When the polls saw a big change coming to Ottawa in 1984
CBC's own poll suggested the Progressive Conservatives would claim a big Election Day victory
The Liberals ended up facing an outcome just as bad as the polls suggested.
And they got a preview of that defeat on CBC two weeks ahead of the 1984 federal election.
"Canada appears ready to vote [Progressive] Conservative," Knowlton Nash told viewers on The National on August 20, 1984.
"A new CBC poll indicates the country is about to get its first Conservative majority government since 1958. The Tories are way ahead, just about everywhere you look."
A 17-point lead for the PCs
It was left up to Peter Mansbridge to review the fine points of the poll, which placed the Brian Mulroney-led Tories at 49 per cent among decided voters.
"That's 17 points ahead of the Liberals, who register 32 per cent," Mansbridge said. "The NDP is back near its traditional support with 18 per cent."

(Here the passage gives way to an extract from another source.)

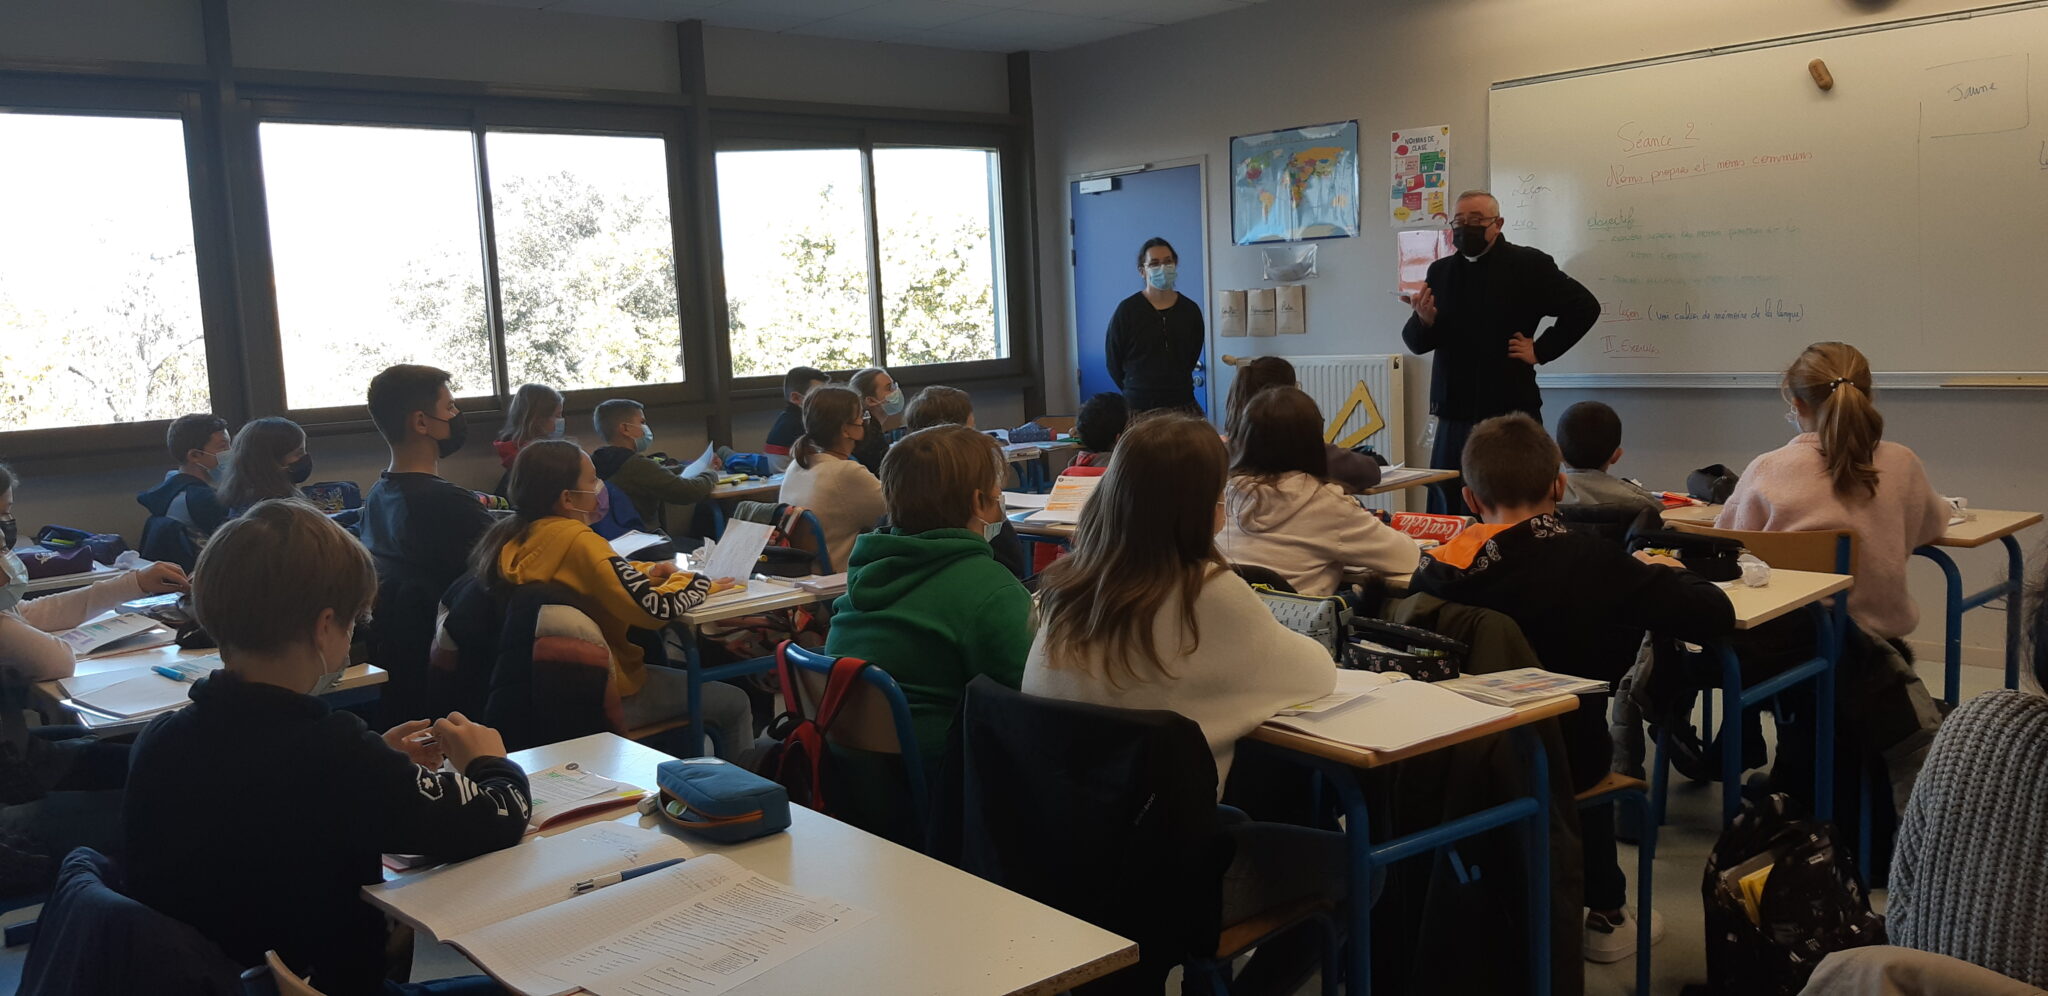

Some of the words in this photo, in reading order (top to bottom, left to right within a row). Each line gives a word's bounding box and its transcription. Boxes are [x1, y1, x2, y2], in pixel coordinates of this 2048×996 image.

Mansbridge said Mulroney's Tories were leading in all regions surveyed, including in Ontario and also Quebec, where the party had netted only 12 per cent of the vote in the previous election.
Forty per cent of those surveyed chose Mulroney as the leader they believed would make the best prime minister, putting him ahead of Liberal Leader John Turner (20 per cent) and New Democrat Leader Ed Broadbent (15 per cent).
Tough truths in the polls
Steering viewers back to the bigger picture, Mansbridge said the poll results made it clear that Mulroney had the country's attention.
"It's the national figures that have the greatest impact," said Mansbridge.
"For Brian Mulroney, they're a confirmation that he's well ahead and has broken though in every part of the country."
Turner was staring down a 17-point gap, a deficit in support that appeared insurmountable two weeks out from the election.
On Sept. 4, 1984, the Progressive Conservatives won a commanding majority, capturing 211 of the 282 seats in the House of Commons.